Authorities were probing why the throngs of revellers had panicked at the annual water festival, crushing and trampling people underfoot on an overcrowded narrow bridge in Phnom Penh.

The government admitted it had overlooked issues of crowd control at the three-day event, which attracted some three million revellers to the capital from all over Cambodia.

"We were concerned about the possibilities of boats capsizing and pick-pocketing. We did well, but we did not think about this kind of incident," government spokesman Khieu Kanharith told AFP.


A committee had been set up to investigate the cause of the stampede, he said, adding that a private security firm was in charge of the main festival site Diamond Island and its bridges.

"The place is private, so they used their own security, and police only helped handle order outside," Kanharith said.

As the first funerals and cremations began taking place across the country, bewildered relatives searched for answers.

"I feel very sad and angry about what happened," Phea Channara said at a funeral service for his 24-year-old sister on the outskirts of Phnom Penh.

"I wonder if the police really did their job.
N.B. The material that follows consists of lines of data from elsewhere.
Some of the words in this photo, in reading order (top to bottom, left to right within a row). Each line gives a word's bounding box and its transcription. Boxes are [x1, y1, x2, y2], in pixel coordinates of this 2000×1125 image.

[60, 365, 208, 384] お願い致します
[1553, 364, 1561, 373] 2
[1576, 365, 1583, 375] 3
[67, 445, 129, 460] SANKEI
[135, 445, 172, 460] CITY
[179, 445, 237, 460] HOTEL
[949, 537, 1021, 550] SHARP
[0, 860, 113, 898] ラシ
Why did they allow it to happen in the first place?"

Hun Sangheap -- who was on the bridge minutes before the stampede happened and helped pull out victims -- said the rescuers were slow to respond to the incident.
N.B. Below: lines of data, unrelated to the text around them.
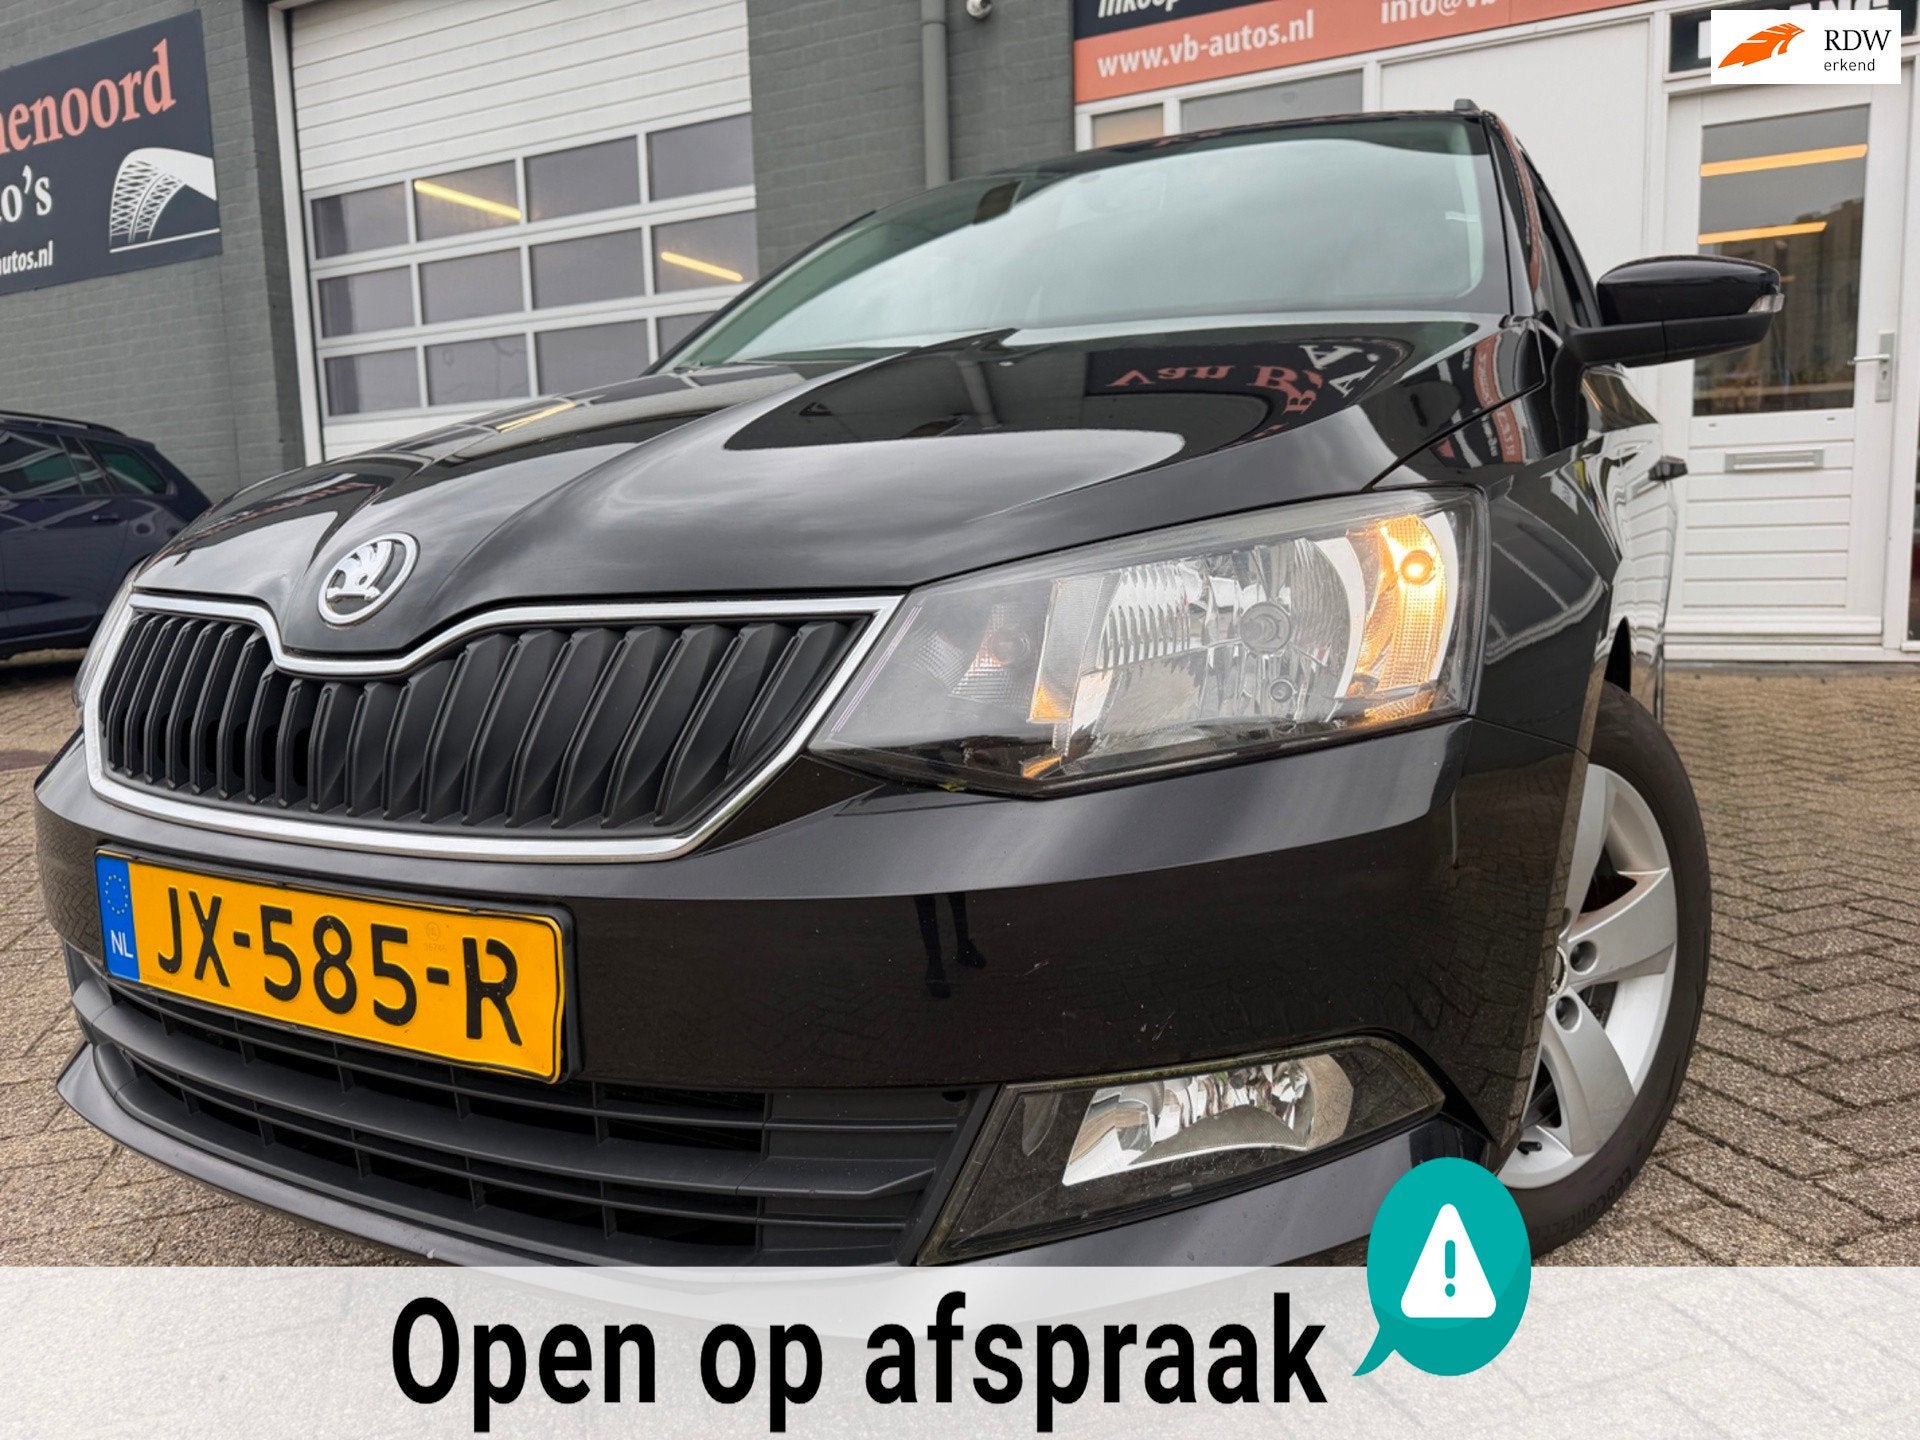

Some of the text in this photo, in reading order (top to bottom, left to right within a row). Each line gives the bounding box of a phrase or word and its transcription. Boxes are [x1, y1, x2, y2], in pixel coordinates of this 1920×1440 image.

[1381, 0, 1497, 24] info@
[1097, 10, 1315, 78] www.vb-autos.nl
[0, 165, 52, 223] o's
[111, 929, 134, 960] NL
[157, 886, 523, 1046] JX-585-R
"The authorities were very late in saving the victims. The company did not manage the security well," the 32-year-old said, referring to the island's private security firm.


Prime Minister Hun Sen has described the disaster as Cambodia's worst tragedy since the Khmer Rouge's 1975-1979 reign of terror, which left up to a quarter of the population dead. Thursday will be a national day of mourning.
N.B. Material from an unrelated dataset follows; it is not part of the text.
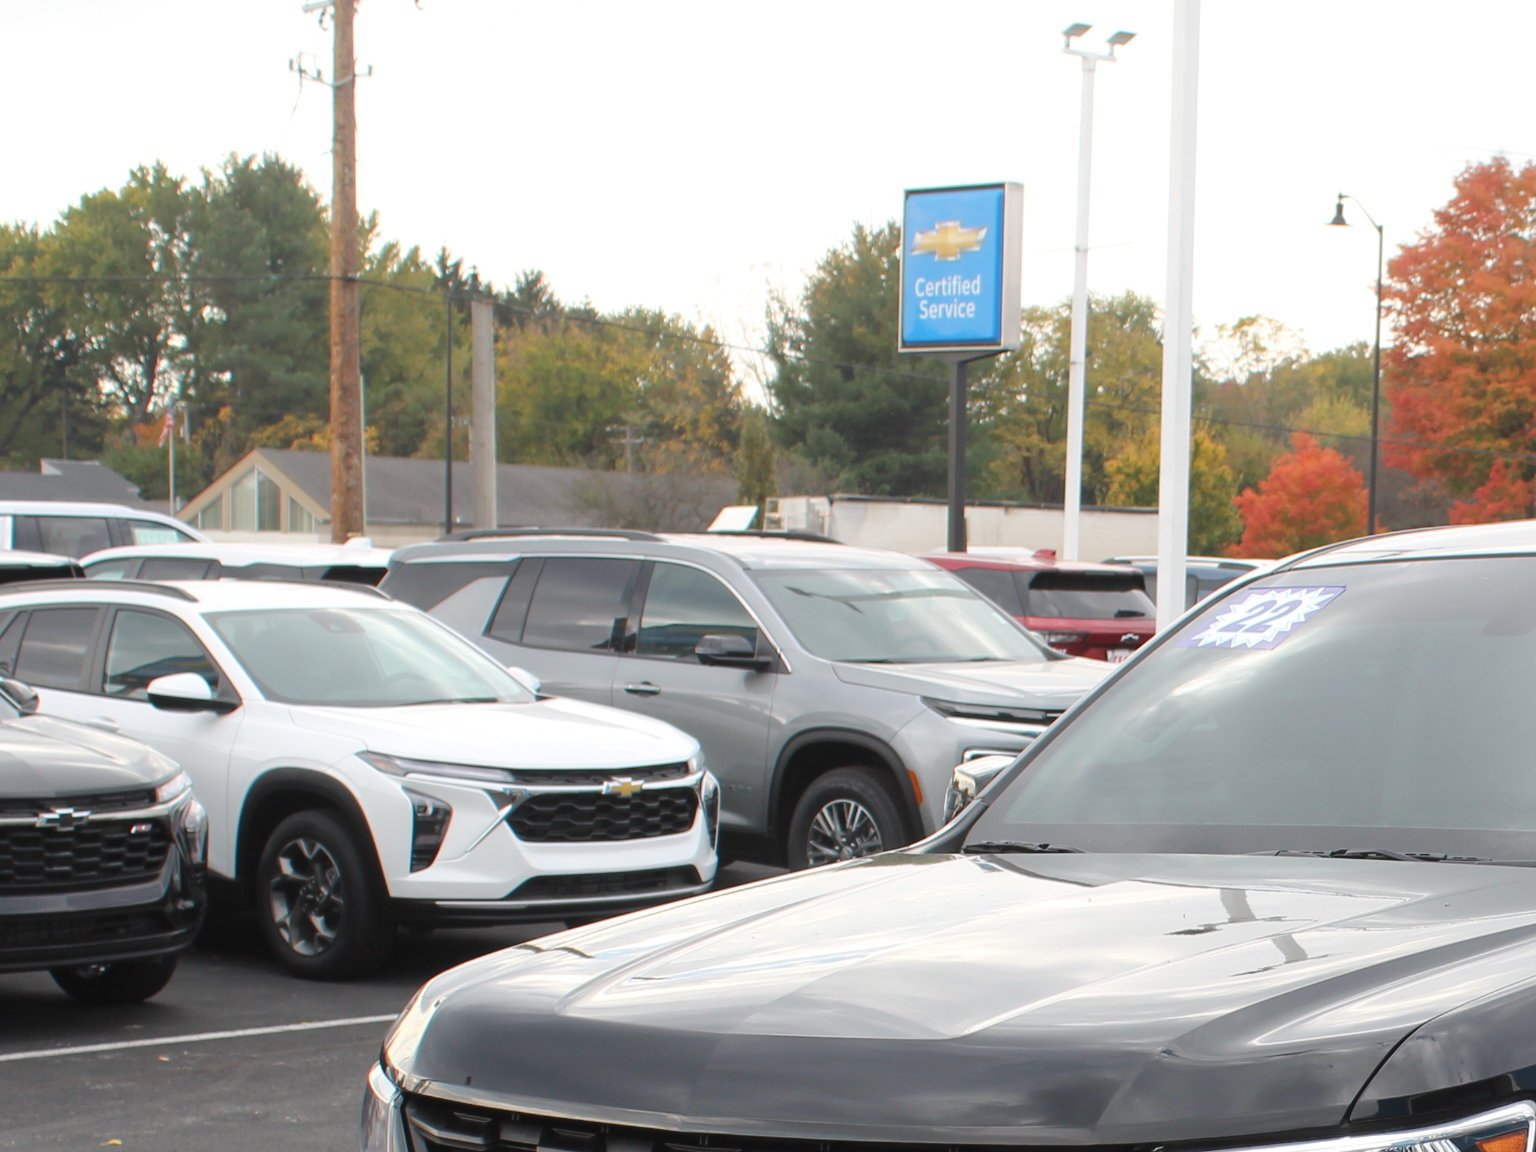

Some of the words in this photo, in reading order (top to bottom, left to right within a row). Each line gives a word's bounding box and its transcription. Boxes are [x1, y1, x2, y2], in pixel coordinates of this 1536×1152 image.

At least 378 people were killed in the stampede and another 750 were injured, government spokesman Phay Siphan told AFP on Tuesday.

Exuberant festival-goers had been crossing the bridge to reach an island hosting concerts, food stalls and ice sculptures before the crowd turned to a deadly crush of writhing and then lifeless human bodies.

In scenes replicated across the city, the dead were laid out in rows under a white tent erected in Calmette Hospital car park, their uncovered faces showing that many had sustained bloody bruises during the stampede.

Military trucks later began delivering the victims back to their relatives.

It was not immediately clear what had triggered the disaster, but Kanharith said a rumour had spread among revellers celebrating one of Cambodia's biggest festivals that the bridge was unstable.

He said many of the deaths were caused by suffocation and internal injuries, adding that about two-thirds of those killed were women.

One survivor at Calmette Hospital who suffered serious back injuries recalled the anguish of being unable to help others around him as the surging crowd became a suffocating crush.

"I felt selfish when it happened, but I could not help myself. There was a child trapped under me and I wanted to pull him up but I couldn't," he said, asking not to be named.

The stampede marked a tragic end to the boat races, concerts and fireworks that are traditionally part of the annual festival to celebrate the reversal of the flow between the Tonle Sap and Mekong rivers.


The event -- which saw hundreds of brightly coloured boats take part in races on the Tonle Sap -- is popular with tourists but the government said no foreigners were believed to be among the victims.

US Secretary of State Hillary Clinton, who visited Cambodia earlier this month, offered her country's "thoughts and prayers" following the disaster. Other countries to send their condolences include Russia, and Asian neighbours Thailand and Singapore.